Evidence suggests that aberrant RNA processing contributes to amyotrophic lateral sclerosis (ALS). Using RNA sequencing, Prudencio et al . assessed the extent of transcriptome defects in C9orf72 -associated (c9ALS) and sporadic ALS (sALS) brains. They report extensive defects in expression, alternative splicing and alternative polyadenylation that are significantly distinct between individuals with c9ALS and sALS. Increasing evidence suggests that defective RNA processing contributes to the development of amyotrophic lateral sclerosis (ALS). This may be especially true for ALS caused by a repeat expansion in C9orf72 (c9ALS), in which the accumulation of RNA foci and dipeptide-repeat proteins are expected to modify RNA metabolism.
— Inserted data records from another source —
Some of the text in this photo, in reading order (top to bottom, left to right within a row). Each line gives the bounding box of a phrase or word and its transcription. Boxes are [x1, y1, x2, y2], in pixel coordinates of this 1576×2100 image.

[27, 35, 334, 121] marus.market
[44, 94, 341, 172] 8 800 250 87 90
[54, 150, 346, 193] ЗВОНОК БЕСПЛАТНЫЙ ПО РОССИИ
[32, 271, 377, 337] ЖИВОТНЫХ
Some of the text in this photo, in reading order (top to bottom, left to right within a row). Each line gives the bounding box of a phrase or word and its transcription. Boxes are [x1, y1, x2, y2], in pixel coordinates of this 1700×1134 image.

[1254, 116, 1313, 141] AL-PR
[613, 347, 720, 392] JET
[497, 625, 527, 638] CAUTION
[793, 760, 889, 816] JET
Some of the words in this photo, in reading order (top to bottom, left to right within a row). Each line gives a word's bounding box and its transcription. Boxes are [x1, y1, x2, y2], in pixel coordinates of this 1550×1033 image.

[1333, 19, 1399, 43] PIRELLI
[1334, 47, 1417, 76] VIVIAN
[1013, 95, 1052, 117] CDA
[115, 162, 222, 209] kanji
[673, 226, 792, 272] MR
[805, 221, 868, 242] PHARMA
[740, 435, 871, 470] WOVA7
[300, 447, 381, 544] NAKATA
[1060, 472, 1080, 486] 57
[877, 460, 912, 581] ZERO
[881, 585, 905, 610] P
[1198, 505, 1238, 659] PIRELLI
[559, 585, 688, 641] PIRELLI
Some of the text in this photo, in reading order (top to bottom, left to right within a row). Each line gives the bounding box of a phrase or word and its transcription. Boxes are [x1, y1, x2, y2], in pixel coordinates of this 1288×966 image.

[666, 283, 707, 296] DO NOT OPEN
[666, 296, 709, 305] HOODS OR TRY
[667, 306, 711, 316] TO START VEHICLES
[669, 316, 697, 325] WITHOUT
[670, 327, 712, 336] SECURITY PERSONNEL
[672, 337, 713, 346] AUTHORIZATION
We report extensive alternative splicing (AS) and alternative polyadenylation (APA) defects in the cerebellum of c9ALS subjects (8,224 AS and 1,437 APA), including changes in ALS-associated genes (for example, ATXN2 and FUS ), and in subjects with sporadic ALS (sALS; 2,229 AS and 716 APA). Furthermore, heterogeneous nuclear ribonucleoprotein H (hnRNPH) and other RNA-binding proteins are predicted to be potential regulators of cassette exon AS events in both c9ALS and sALS. Co-expression and gene-association network analyses of gene expression and AS data revealed divergent pathways associated with c9ALS and sALS.